President Biden on Monday declined to say when he thinks the U.S. will reach “herd immunity” to the coronavirus but predicted “we’ll be in a very different position” by the end of the summer.
Pressed to highlight a point on the calendar, Mr. Biden characterized the effort as a rolling push to get as many people immunized as possible.
“There’s a debate about what constitutes herd immunity, is it 70%, 68%, 81%?” Mr. Biden said during a trip to Virginia. “The point is right now every single person 16 years or older doesn’t have to wait in line. Just show up and get a vaccination now. I plead with everyone to get vaccinated now, please.”
As it stands, about 45% of the U.S. population has received at least one dose of the vaccine and nearly a third is fully vaccinated, indicating there is a way to go to reach 70%-90% that’s needed to stamp out the virus.
Disease experts say herd immunity is an elusive, rolling concept so the U.S. should focus on reaching a kind of safety threshold in which the virus becomes less deadly as vulnerable people are vaccinated and young people get the shots to decrease transmission.

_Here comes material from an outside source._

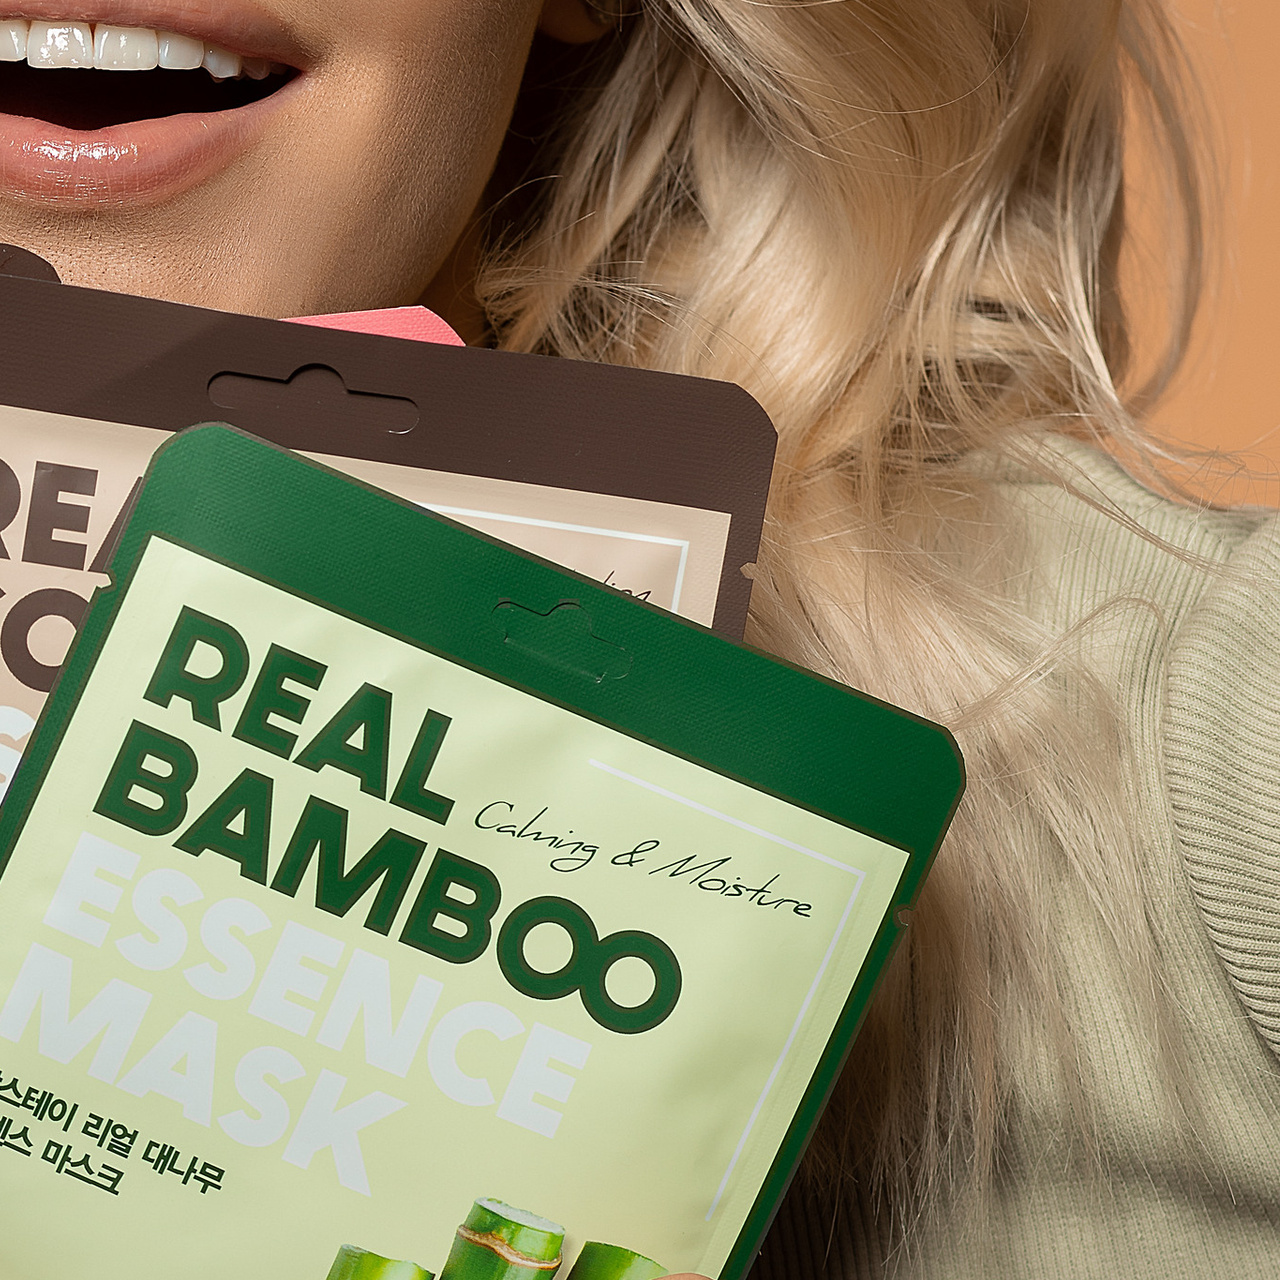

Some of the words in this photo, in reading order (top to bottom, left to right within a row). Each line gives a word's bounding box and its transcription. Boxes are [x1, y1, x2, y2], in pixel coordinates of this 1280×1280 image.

Scientists envision a situation in which the virus flares from time to time but is a manageable problem for hospitals.
The president highlighted progress in the rollout, citing the fact that eight in 10 seniors are partially vaccinated with one dose and two-thirds are fully vaccinated.
“Mobile units going out. It’s getting better and better and better,” he said.
The virus situation is gradually improving alongside the vaccine push, with the rolling average of cases dipping below 5,000 per day again.
However, administration officials want to see widespread vaccination to stave off big outbreaks in the fall or prevent the virus from mutating in unprotected persons. The fear is the virus could evolve to the point where it eludes existing vaccines.